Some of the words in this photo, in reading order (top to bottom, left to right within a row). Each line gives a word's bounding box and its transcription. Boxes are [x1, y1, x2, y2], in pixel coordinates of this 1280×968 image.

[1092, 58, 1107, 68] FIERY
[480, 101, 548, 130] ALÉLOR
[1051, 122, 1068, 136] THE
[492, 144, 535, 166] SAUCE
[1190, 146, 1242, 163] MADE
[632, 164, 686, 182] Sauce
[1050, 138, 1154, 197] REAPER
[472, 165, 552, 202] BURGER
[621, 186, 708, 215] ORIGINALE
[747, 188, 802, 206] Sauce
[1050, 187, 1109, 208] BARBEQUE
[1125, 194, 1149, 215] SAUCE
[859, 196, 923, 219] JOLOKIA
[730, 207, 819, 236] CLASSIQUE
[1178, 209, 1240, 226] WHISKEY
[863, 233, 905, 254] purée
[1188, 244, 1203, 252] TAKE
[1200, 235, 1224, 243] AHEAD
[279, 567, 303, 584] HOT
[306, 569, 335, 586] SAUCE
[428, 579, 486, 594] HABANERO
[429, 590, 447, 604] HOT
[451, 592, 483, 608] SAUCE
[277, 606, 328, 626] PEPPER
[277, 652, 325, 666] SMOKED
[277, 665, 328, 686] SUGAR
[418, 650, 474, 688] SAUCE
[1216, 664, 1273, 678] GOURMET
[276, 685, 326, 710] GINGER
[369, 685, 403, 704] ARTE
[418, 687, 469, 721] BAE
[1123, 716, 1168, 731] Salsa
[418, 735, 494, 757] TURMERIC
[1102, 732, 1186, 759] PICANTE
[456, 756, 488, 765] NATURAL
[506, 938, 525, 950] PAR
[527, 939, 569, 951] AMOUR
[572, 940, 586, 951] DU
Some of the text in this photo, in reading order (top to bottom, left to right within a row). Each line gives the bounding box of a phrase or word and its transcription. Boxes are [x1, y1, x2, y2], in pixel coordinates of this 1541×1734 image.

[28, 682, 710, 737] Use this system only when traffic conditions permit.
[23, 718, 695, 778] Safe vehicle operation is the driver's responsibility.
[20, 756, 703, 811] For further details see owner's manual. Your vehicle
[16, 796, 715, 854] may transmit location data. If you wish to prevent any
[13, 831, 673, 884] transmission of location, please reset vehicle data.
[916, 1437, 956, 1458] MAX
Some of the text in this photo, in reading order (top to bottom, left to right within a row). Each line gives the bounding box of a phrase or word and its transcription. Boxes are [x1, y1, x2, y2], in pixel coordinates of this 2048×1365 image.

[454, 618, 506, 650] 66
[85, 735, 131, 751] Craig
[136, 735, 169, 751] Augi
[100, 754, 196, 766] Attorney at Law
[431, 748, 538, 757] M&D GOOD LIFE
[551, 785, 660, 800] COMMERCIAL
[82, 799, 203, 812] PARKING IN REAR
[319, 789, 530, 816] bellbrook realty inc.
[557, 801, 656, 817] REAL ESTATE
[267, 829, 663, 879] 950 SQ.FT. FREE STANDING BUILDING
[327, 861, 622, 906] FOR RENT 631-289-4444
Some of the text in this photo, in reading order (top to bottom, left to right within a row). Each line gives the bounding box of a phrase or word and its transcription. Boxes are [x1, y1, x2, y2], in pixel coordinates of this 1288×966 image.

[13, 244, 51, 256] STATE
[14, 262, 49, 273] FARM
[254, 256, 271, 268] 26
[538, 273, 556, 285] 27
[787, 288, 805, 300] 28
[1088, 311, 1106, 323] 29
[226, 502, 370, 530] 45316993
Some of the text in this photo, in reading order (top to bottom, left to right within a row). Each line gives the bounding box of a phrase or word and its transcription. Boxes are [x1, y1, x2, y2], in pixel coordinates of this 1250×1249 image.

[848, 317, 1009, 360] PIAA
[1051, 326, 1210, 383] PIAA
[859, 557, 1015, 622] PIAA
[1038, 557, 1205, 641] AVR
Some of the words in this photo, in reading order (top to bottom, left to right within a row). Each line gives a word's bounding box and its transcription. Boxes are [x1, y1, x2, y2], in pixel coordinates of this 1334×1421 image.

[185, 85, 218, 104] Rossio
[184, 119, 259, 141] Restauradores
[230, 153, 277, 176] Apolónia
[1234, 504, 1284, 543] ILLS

━━━

REQUIRED ACTION — Each entry must appear in the reply exactly as written.

COMPLETED TASK —
Some of the words in this photo, in reading order (top to bottom, left to right within a row). Each line gives a word's bounding box and its transcription. Boxes are [x1, y1, x2, y2], in pixel coordinates of this 1280×968 image.

[1092, 58, 1107, 68] FIERY
[480, 101, 548, 130] ALÉLOR
[1051, 122, 1068, 136] THE
[492, 144, 535, 166] SAUCE
[1190, 146, 1242, 163] MADE
[632, 164, 686, 182] Sauce
[1050, 138, 1154, 197] REAPER
[472, 165, 552, 202] BURGER
[621, 186, 708, 215] ORIGINALE
[747, 188, 802, 206] Sauce
[1050, 187, 1109, 208] BARBEQUE
[1125, 194, 1149, 215] SAUCE
[859, 196, 923, 219] JOLOKIA
[730, 207, 819, 236] CLASSIQUE
[1178, 209, 1240, 226] WHISKEY
[863, 233, 905, 254] purée
[1188, 244, 1203, 252] TAKE
[1200, 235, 1224, 243] AHEAD
[279, 567, 303, 584] HOT
[306, 569, 335, 586] SAUCE
[428, 579, 486, 594] HABANERO
[429, 590, 447, 604] HOT
[451, 592, 483, 608] SAUCE
[277, 606, 328, 626] PEPPER
[277, 652, 325, 666] SMOKED
[277, 665, 328, 686] SUGAR
[418, 650, 474, 688] SAUCE
[1216, 664, 1273, 678] GOURMET
[276, 685, 326, 710] GINGER
[369, 685, 403, 704] ARTE
[418, 687, 469, 721] BAE
[1123, 716, 1168, 731] Salsa
[418, 735, 494, 757] TURMERIC
[1102, 732, 1186, 759] PICANTE
[456, 756, 488, 765] NATURAL
[506, 938, 525, 950] PAR
[527, 939, 569, 951] AMOUR
[572, 940, 586, 951] DU
Some of the text in this photo, in reading order (top to bottom, left to right within a row). Each line gives the bounding box of a phrase or word and its transcription. Boxes are [x1, y1, x2, y2], in pixel coordinates of this 1541×1734 image.

[28, 682, 710, 737] Use this system only when traffic conditions permit.
[23, 718, 695, 778] Safe vehicle operation is the driver's responsibility.
[20, 756, 703, 811] For further details see owner's manual. Your vehicle
[16, 796, 715, 854] may transmit location data. If you wish to prevent any
[13, 831, 673, 884] transmission of location, please reset vehicle data.
[916, 1437, 956, 1458] MAX
Some of the text in this photo, in reading order (top to bottom, left to right within a row). Each line gives the bounding box of a phrase or word and its transcription. Boxes are [x1, y1, x2, y2], in pixel coordinates of this 2048×1365 image.

[454, 618, 506, 650] 66
[85, 735, 131, 751] Craig
[136, 735, 169, 751] Augi
[100, 754, 196, 766] Attorney at Law
[431, 748, 538, 757] M&D GOOD LIFE
[551, 785, 660, 800] COMMERCIAL
[82, 799, 203, 812] PARKING IN REAR
[319, 789, 530, 816] bellbrook realty inc.
[557, 801, 656, 817] REAL ESTATE
[267, 829, 663, 879] 950 SQ.FT. FREE STANDING BUILDING
[327, 861, 622, 906] FOR RENT 631-289-4444
Some of the text in this photo, in reading order (top to bottom, left to right within a row). Each line gives the bounding box of a phrase or word and its transcription. Boxes are [x1, y1, x2, y2], in pixel coordinates of this 1288×966 image.

[13, 244, 51, 256] STATE
[14, 262, 49, 273] FARM
[254, 256, 271, 268] 26
[538, 273, 556, 285] 27
[787, 288, 805, 300] 28
[1088, 311, 1106, 323] 29
[226, 502, 370, 530] 45316993
Some of the text in this photo, in reading order (top to bottom, left to right within a row). Each line gives the bounding box of a phrase or word and its transcription. Boxes are [x1, y1, x2, y2], in pixel coordinates of this 1250×1249 image.

[848, 317, 1009, 360] PIAA
[1051, 326, 1210, 383] PIAA
[859, 557, 1015, 622] PIAA
[1038, 557, 1205, 641] AVR
Some of the words in this photo, in reading order (top to bottom, left to right within a row). Each line gives a word's bounding box and its transcription. Boxes are [x1, y1, x2, y2], in pixel coordinates of this 1334×1421 image.

[185, 85, 218, 104] Rossio
[184, 119, 259, 141] Restauradores
[230, 153, 277, 176] Apolónia
[1234, 504, 1284, 543] ILLS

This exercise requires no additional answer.